For example, if there is an obstacle at 200 feet above terrain of 2500 feet, LSALT is 2700 feet (obstacle height) + 1360 feet (clearance height), or an LSALT of 4060 feet; if there is an obstacle at 450 feet above terrain of 3600 feet, LSALT is 4050 feet (obstacle height) + 1000 feet (clearance height), or an LSALT of 5050 feet.

The differences in the clearance heights for obstacles is due to the potential for unreported obstacles up to 360 feet which are not marked on maps or charts.

The determination of which is the highest obstacle along the flight path depends on the method of navigation (radio navigation aid, dead reckoning or area navigation systems) and on the flight rules (instrument or night VFR)

FAA definition

In the United States in particular, the Federal Aviation Administration calls this concept the Minimum Safe Altitude (MSA), and specifically defines it as follows in § 119 of Part 91 of the Federal Aviation Regulations (FAR):

  1. Anywhere: an altitude allowing a safe emergency landing without undue hazard to person or property on the ground;
  2. Over Congested Areas: an altitude of 1,000 feet above the highest obstacle within a horizontal distance of less than 2,000 feet;
  3. Over Populated Areas: an altitude of 500 feet AGL;
  4. Over Open Water or Sparsely Populated Areas: an altitude allowing for a linear distance greater than 500 from any person, vessel, vehicle, or structure;
  5. Helicopters: If without hazard to persons or property on the surface, an altitude lower than in definitions 2, 3, and 4 above, provided in compliance with any routes or altitudes specifically prescribed for helicopters by the FAA.

IFR flights

There are two restrictions on altitude which are important to IFR flight planning:

  1. Minimum reception altitude, an altitude which must be maintained across a flight segment (i.e. between two navigation radio transmitters) in order to assure reception of the required radio signals at all portions of that segment.
  2. Minimum obstacle clearance altitude, an altitude which provides a predetermined vertical clearance from known obstacles within a predetermined corridor along the specified flight segment.

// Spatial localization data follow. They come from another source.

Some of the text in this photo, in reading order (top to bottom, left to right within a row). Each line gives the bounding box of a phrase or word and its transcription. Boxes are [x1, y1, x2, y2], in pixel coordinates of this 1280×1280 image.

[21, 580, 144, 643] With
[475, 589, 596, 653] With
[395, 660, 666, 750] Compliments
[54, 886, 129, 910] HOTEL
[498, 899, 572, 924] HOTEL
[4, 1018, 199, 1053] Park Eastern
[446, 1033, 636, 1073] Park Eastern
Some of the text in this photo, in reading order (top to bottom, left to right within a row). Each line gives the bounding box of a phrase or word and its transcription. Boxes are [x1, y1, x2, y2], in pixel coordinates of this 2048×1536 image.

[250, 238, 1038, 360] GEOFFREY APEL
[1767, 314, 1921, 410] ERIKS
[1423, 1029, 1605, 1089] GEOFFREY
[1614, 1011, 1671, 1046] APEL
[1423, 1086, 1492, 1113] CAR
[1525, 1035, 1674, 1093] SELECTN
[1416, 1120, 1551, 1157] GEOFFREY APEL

For a given flight segment, the greater of these two altitudes is the altitude which must be adhered to during that segment.

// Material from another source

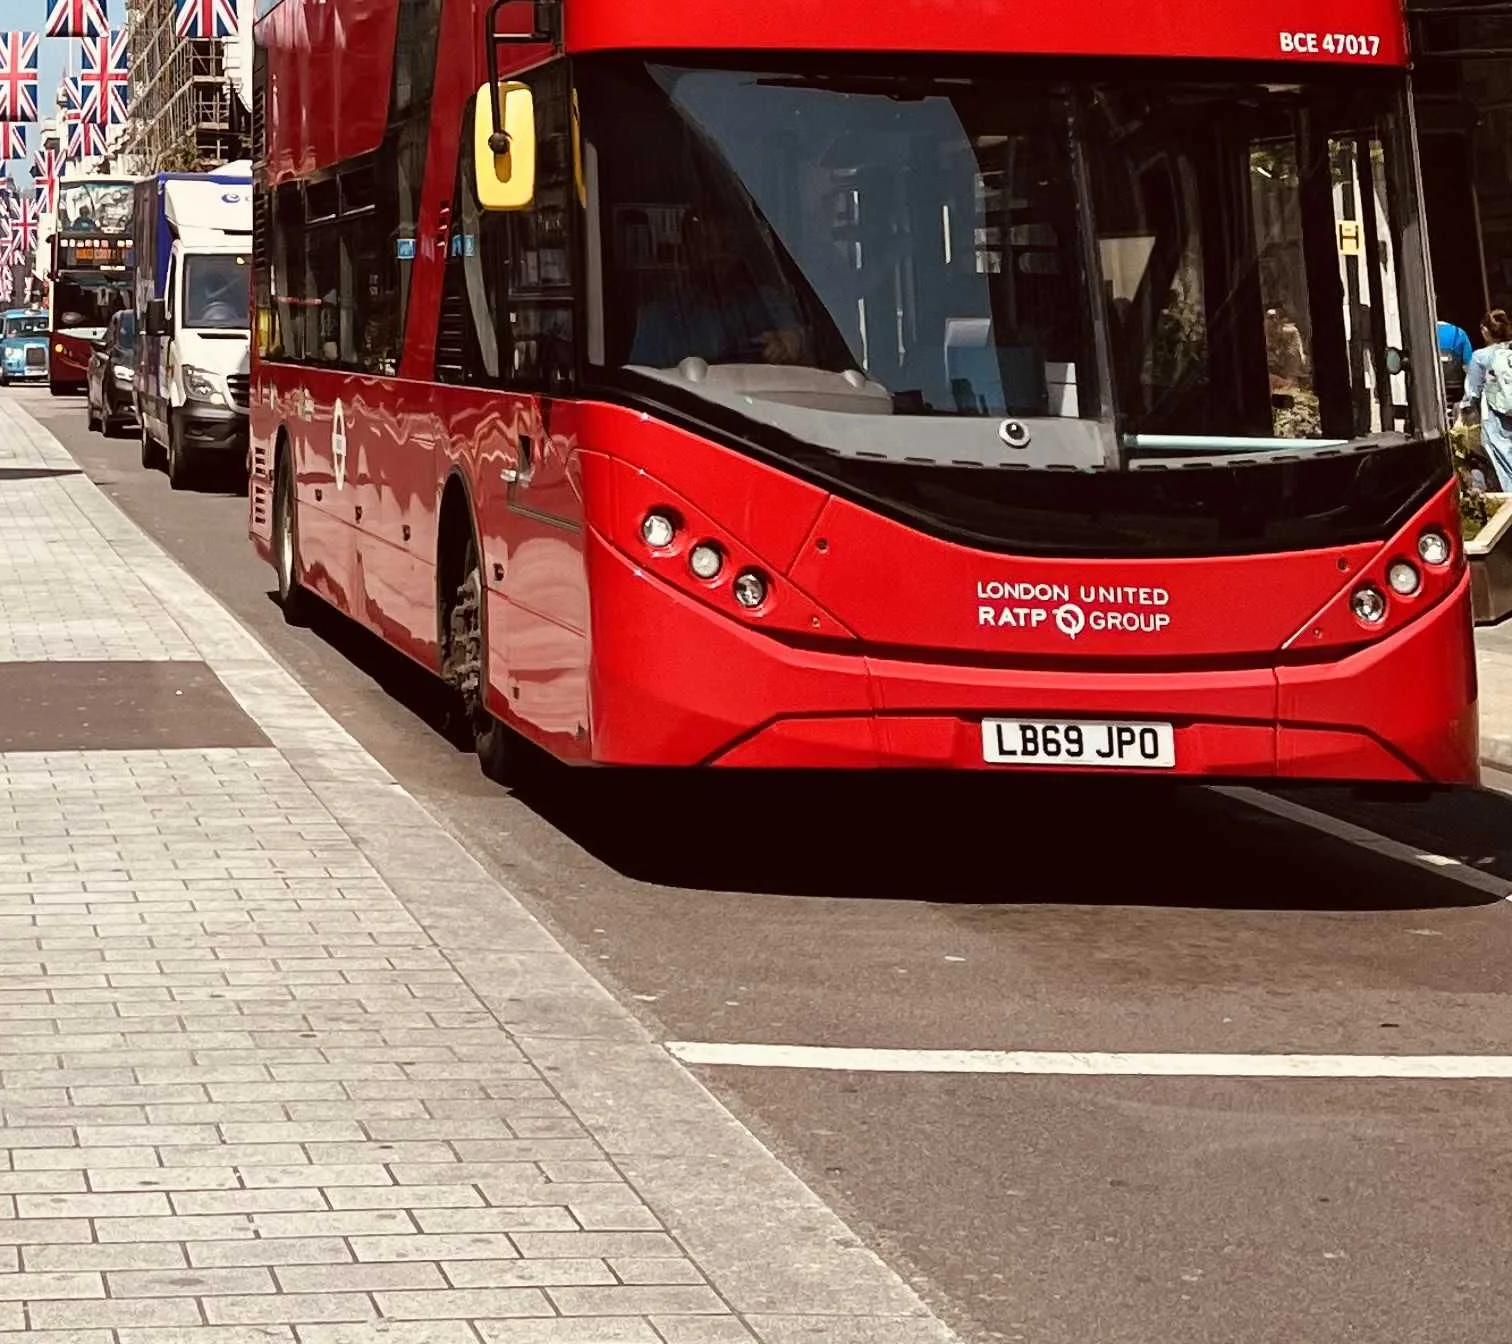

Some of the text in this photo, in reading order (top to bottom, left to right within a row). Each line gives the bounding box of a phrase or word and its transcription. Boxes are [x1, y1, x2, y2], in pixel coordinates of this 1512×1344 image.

These altitudes are listed as "MSL" on IFR planning charts, and are thus the altitudes which would be indicated on the aircraft's barometric altimeter.

VFR flights

Since VFR flights are not necessarily conducted on straight lines between ground-based radio navigation transmitters, the altitude restrictions for IFR flights (above) are not applicable. Instead, a VFR flight can be conducted using pilotage, watching landmarks to determine position and desired direction. In this situation, the minimum reception altitude becomes moot, and the over-riding concern is for obstacle clearance. Pilotage in the United States is usually accomplished with the use of sectional charts, which show the ground with considerable accuracy, both for terrain levels and for man-made objects. The charts are marked with grids, and at the center of each grid square a number shows the elevation (MSL) of the highest obstacle within that grid. Thus a pilot is alerted of how high he must fly while traversing that grid to assure clearance of all possible obstacles. Then it is up to the pilot to select a cruising altitude which will provide the required clearance above those obstacles.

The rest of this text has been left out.